Nkurunziza a été enterré dans la capitale politique Gitega


Les cérémonies funéraires de feu président Pierre Nkurunziza ont débuté vers 8h à l’hôpital du cinquantenaire dans la province de Karusi (centre-est) où il est décédé le 8 juin courant. Seules les hautes autorités du pays ont été autorisées à se rendre à l’hôpital de Karusi. Plusieurs délégations des pays africains étaient sur place. L’homme qui a dirigé le Burundi pendant 15 ans a été enterré dans la capitale politique Gitega. (SOS Médias Burundi)

Les cérémonies ont été marquées par les honneurs militaires de la compagnie d’honneur et des hauts gradés de l’armée burundaise.

Le président Évariste Ndayishimiye a pris la parole en premier. Il a déploré le départ de « son principal conseiller ».

« Personne n’est éternel. Dieu ne donne pas mais prête. Il a repris ce qui lui appartient. Heureusement qu’il part après avoir accompli sa mission. Le monde entier a été abasourdi par son départ », a glissé le président Evariste Ndayishimiye, avant de dire que Nkurunziza était humble. « Il chantait, dansait pour Dieu.

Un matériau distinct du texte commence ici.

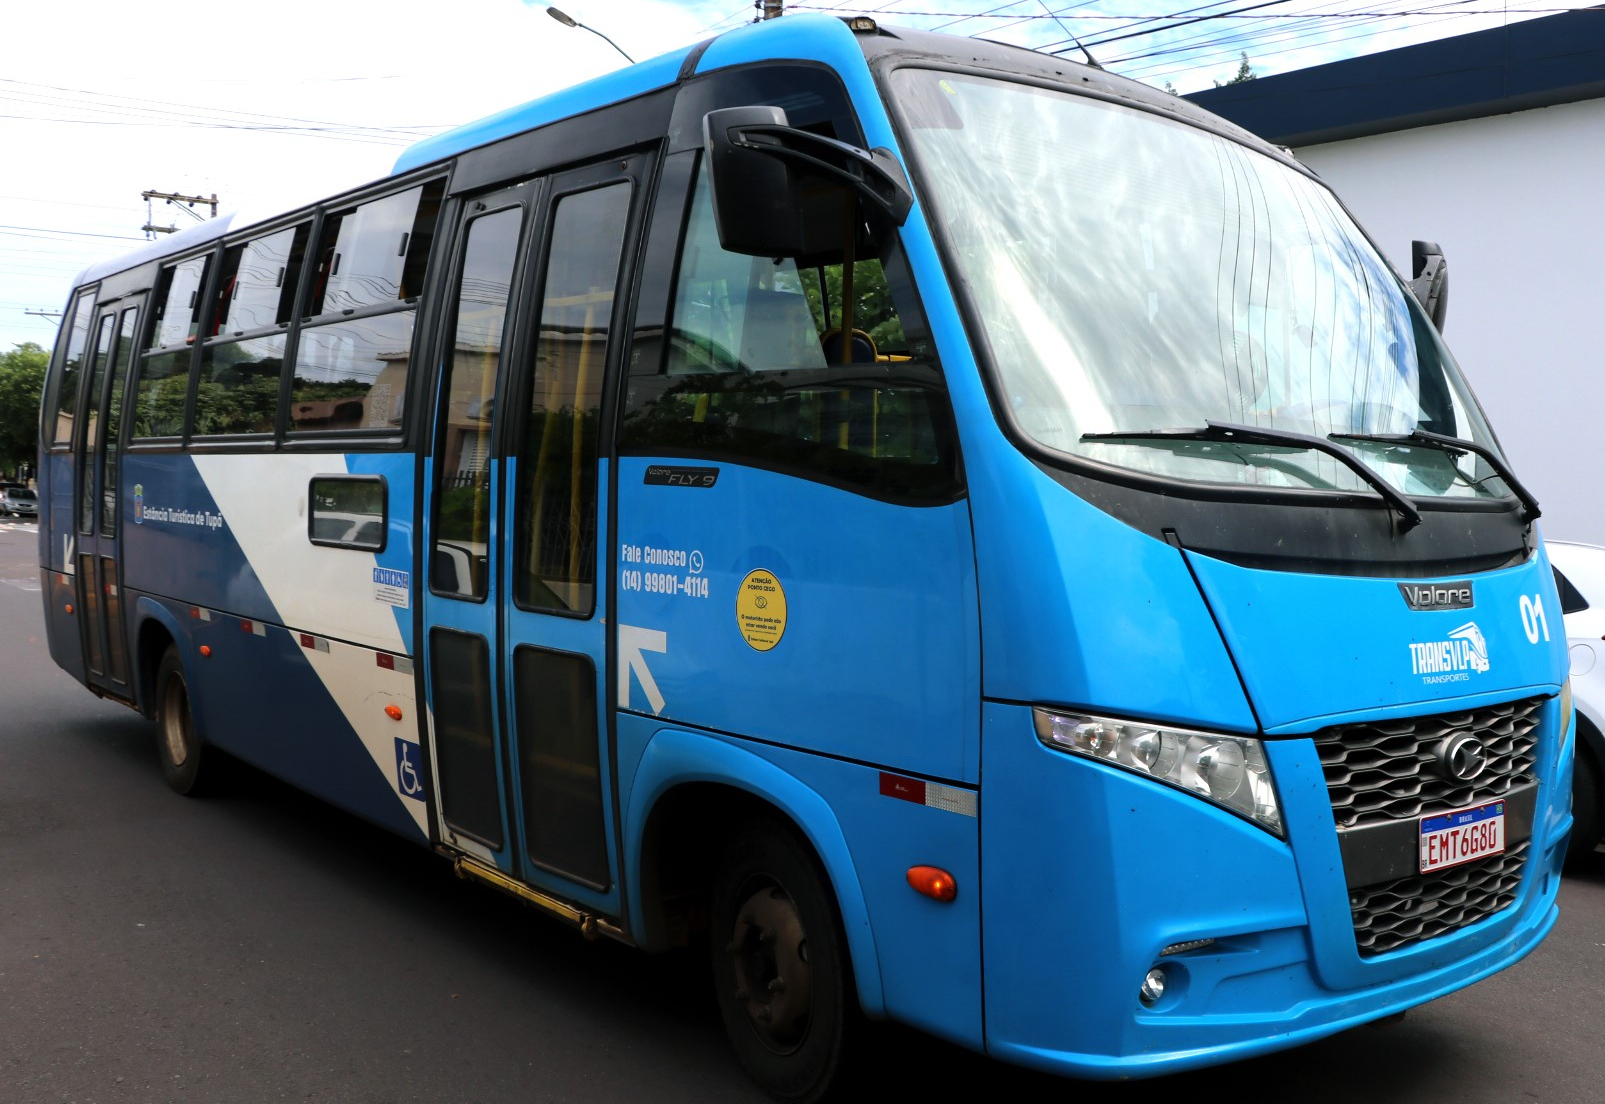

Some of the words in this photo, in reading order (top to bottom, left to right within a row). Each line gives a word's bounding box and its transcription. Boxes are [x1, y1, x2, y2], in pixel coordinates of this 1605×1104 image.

[668, 474, 699, 485] FLY
[703, 475, 715, 486] 9
[196, 510, 204, 526] de
[622, 544, 641, 563] Fale
[644, 545, 686, 567] Conosco
[622, 569, 641, 592] (14)
[644, 571, 709, 599] 99801-4114
[1404, 585, 1471, 607] Volare
[1519, 593, 1550, 644] 01
[1409, 640, 1471, 675] TRANSVLP
[1422, 673, 1470, 684] TRANSPORTES
[1459, 815, 1473, 823] BRASIL
[1429, 821, 1496, 865] EMT6G80
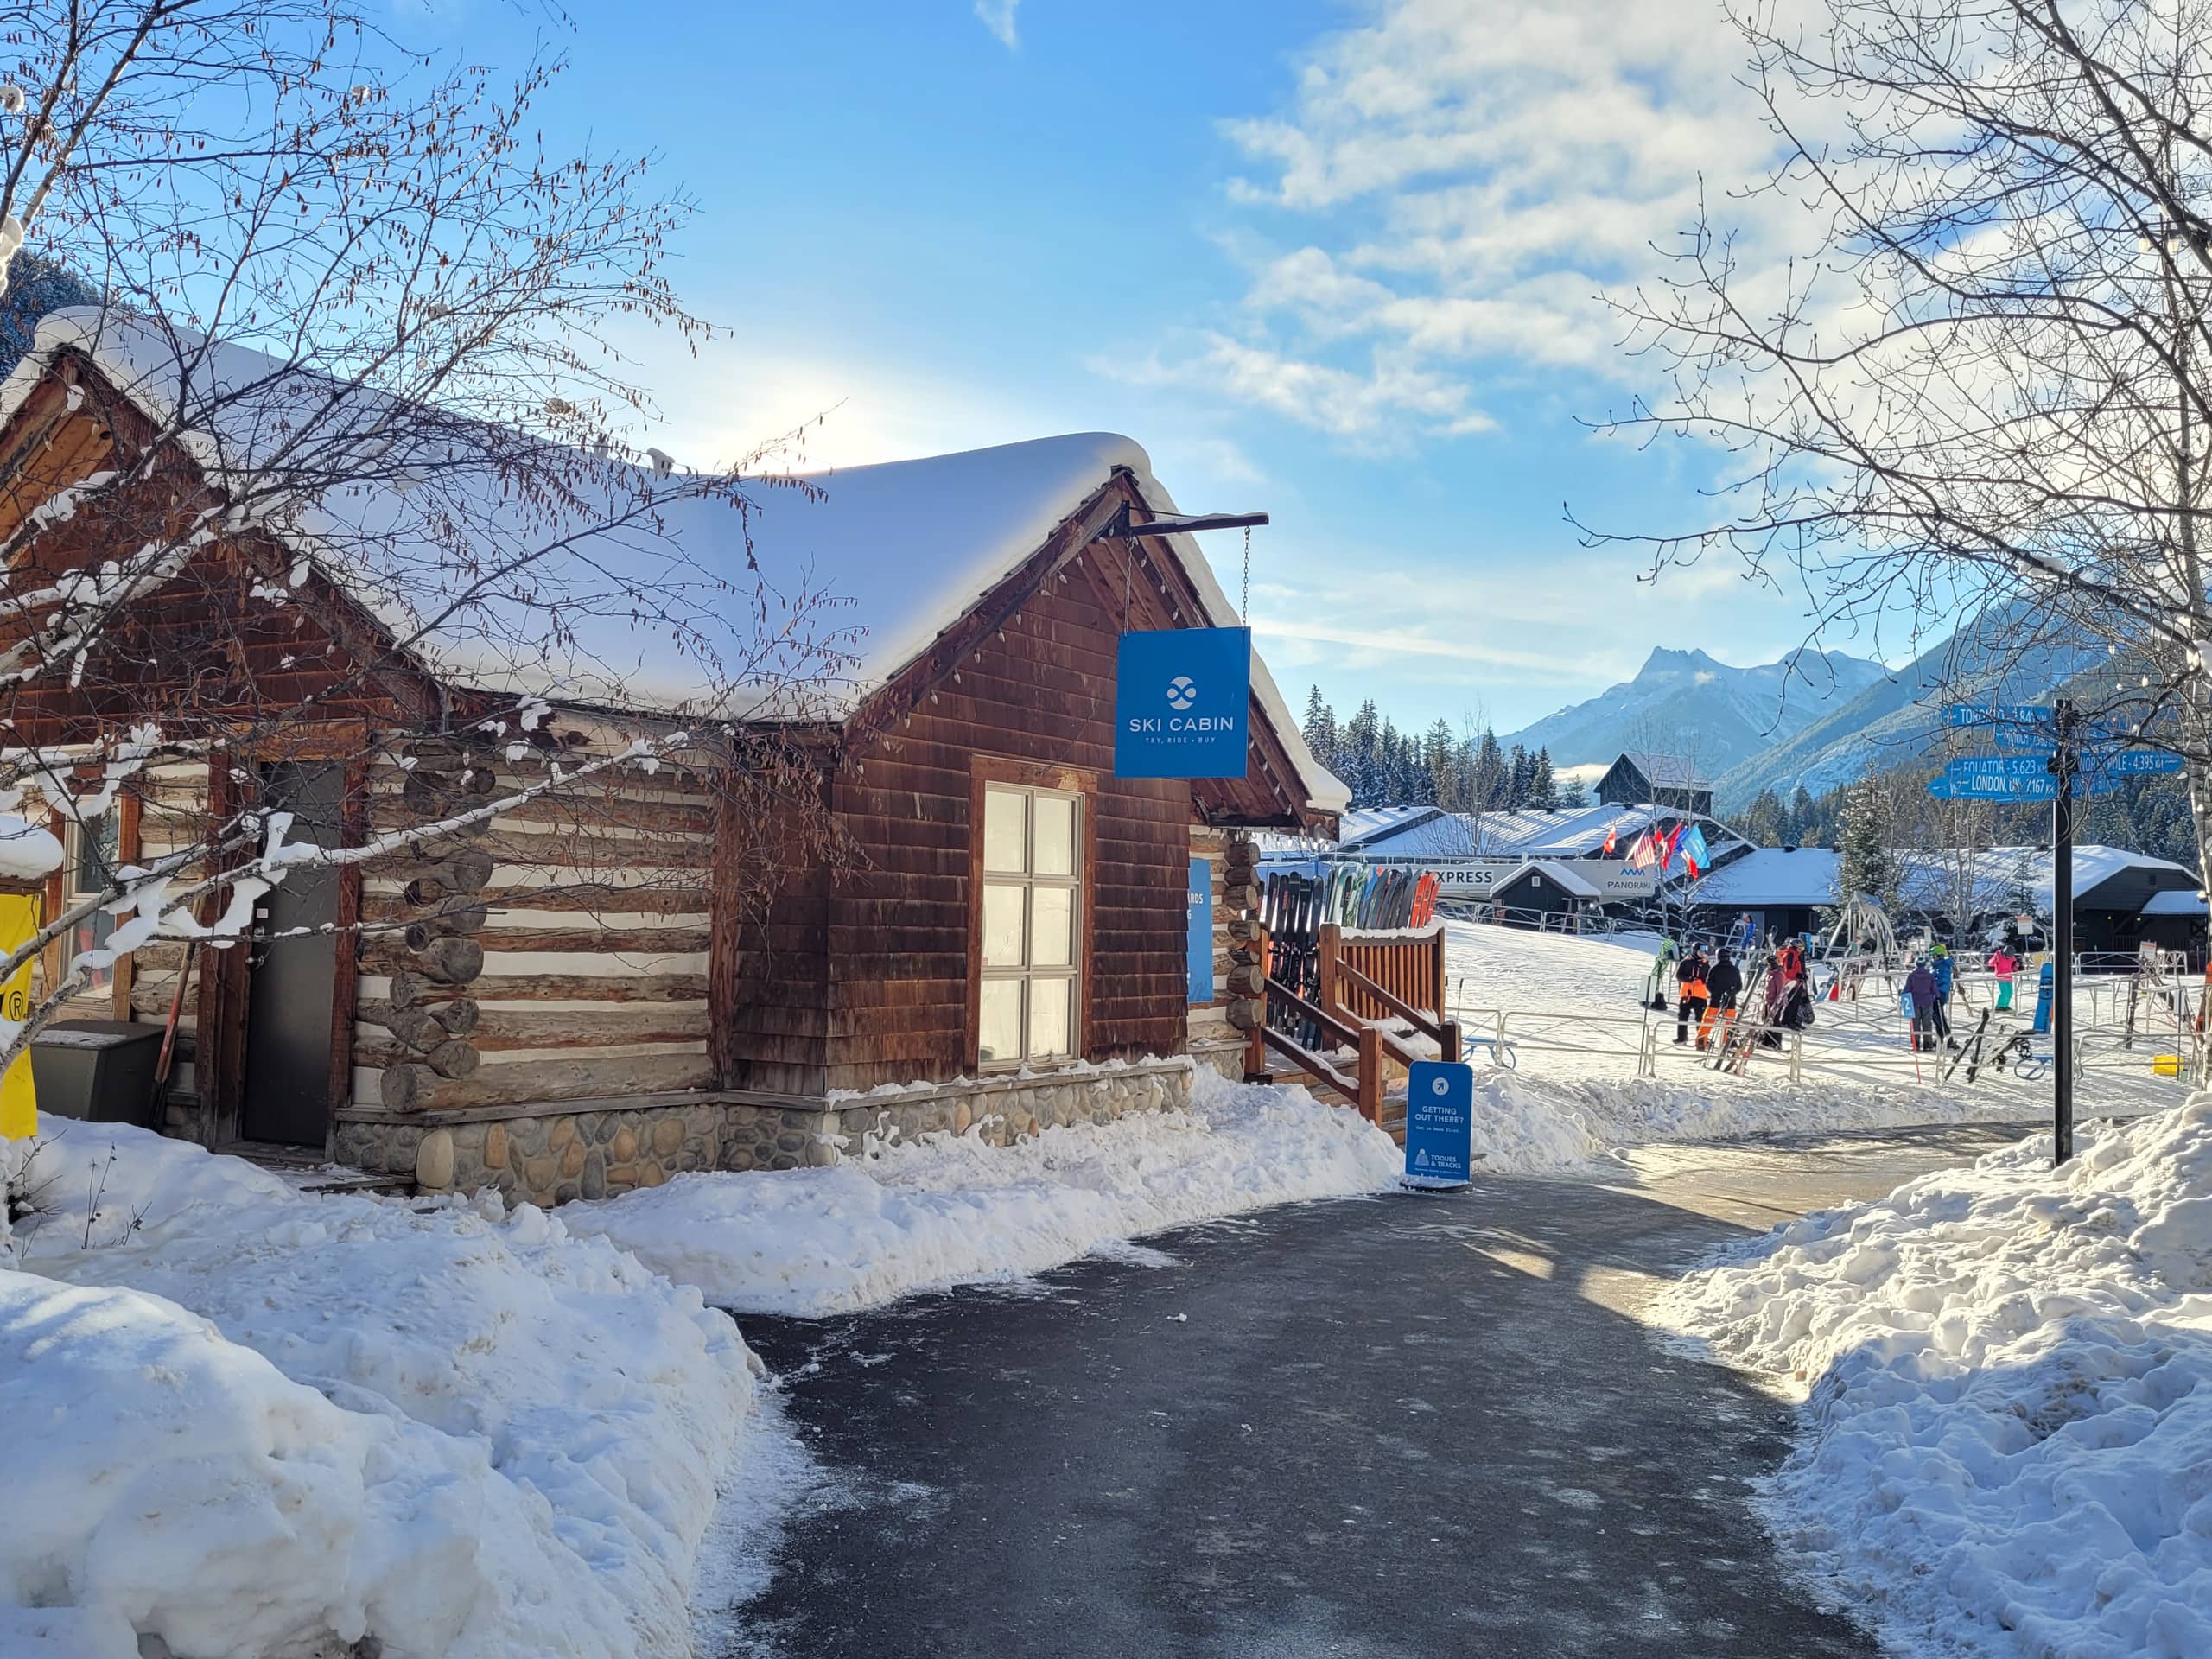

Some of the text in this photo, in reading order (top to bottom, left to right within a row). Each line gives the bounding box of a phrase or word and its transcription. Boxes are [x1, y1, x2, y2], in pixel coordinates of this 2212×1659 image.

Il cultivait, transportait des pierres, participait dans les travaux communautaires. Si Dieu nous avait fait le choix, ce n’est pas lui qu’on allait sacrifier.

Président Evariste Ndayishimiye aux funérailles de son prédécesseur


On ne te trahira jamais comme tu n’as pas trahi le roi Ntare Rushatsi, le prince Louis Rwagasore, le président Melchior Ndadaye et d’autres. Je perd un conseiller inégalable. Nous allons pérenniser l’héritage de toujours mettre Dieu en avant. Va notre ami. Tu me laisses un grand fardeau pour développer le pays », a insisté le chef de l’État qui a aussi promis de poursuivre la politique d’animation de séances de moralisation entreprise par son prédécesseur.

Le président Ndayishimiye a annoncé qu’il y aura des infrastructures dédiées à Pierre Nkurunziza en sa mémoire. « La salle du conseil des ministres lui sera dédiée. Nous allons aussi construire un grand bâtiment en son honneur. Nous demandons à toute personne qui passera devant sa tombe qu’elle soit à pied ou non, de s’incliner », a martelé M.Ndayishimiye.

Denise Nkurunziza reconfortée

Elle s’est adressée aux invités en qualité évangéliste que d’ancienne première dame.

Denise Bucumi, ancienne première dame entourée de ses enfants, a dit qu’elle est réconfortée d’enterrer dignement son mari.

« Le Seigneur a été avec nous dans les moments les plus durs. C’était dur de le perdre en un si peu de temps. Quand Dieu ordonne, personne ne le contredit. Chaque chose a son temps. On a remercié le Seigneur et il nous a donné le courage. Il est mort dans la dignité. Il y a d’autres présidents qui ont connu une mort atroce. Ne pleurons pas pour lui mais pour nous qui restons. Prions pour notre fin. Je viens d’avoir la chance de l’enterrer. Ceux qui n’ont pas enterré les leurs savent comment c’est dur », a-t-elle dit.

Délégations étrangères

Les pays étrangers qui se sont faits représenter sont la Tanzanie, la Guinée Équatoriale, le Congo Brazzaville, le Kenya et la Zambie.

Le premier ministre tanzanien Kassim Majaliwa qui a parlé au nom de toutes les délégations a promis que son pays va continuer à soutenir le Burundi dans sa demande d’adhésion dans la communauté de développement des pays d’Afrique Australe (SADEC), comme les présidents Magufuli et Nkurunziza s’étaient convenus.

Evariste Ndayishimiye rendant hommages à Pierre Nkurunziza

Comme pour le jour de l’investiture du nouveau président de la République, l’église catholique a prié pour que les nouvelles autorités se préoccupent du rapatriement des réfugiés.

La mère de feu Pierre Nkurunziza n’a pas participé dans ces cérémonies. Elle s’est faite représenter par des membres de sa famille pour le dépôt des gerbes de fleurs à la tombe. Elle a été atteinte par le coronavirus avant le décès de son fils, selon nos sources.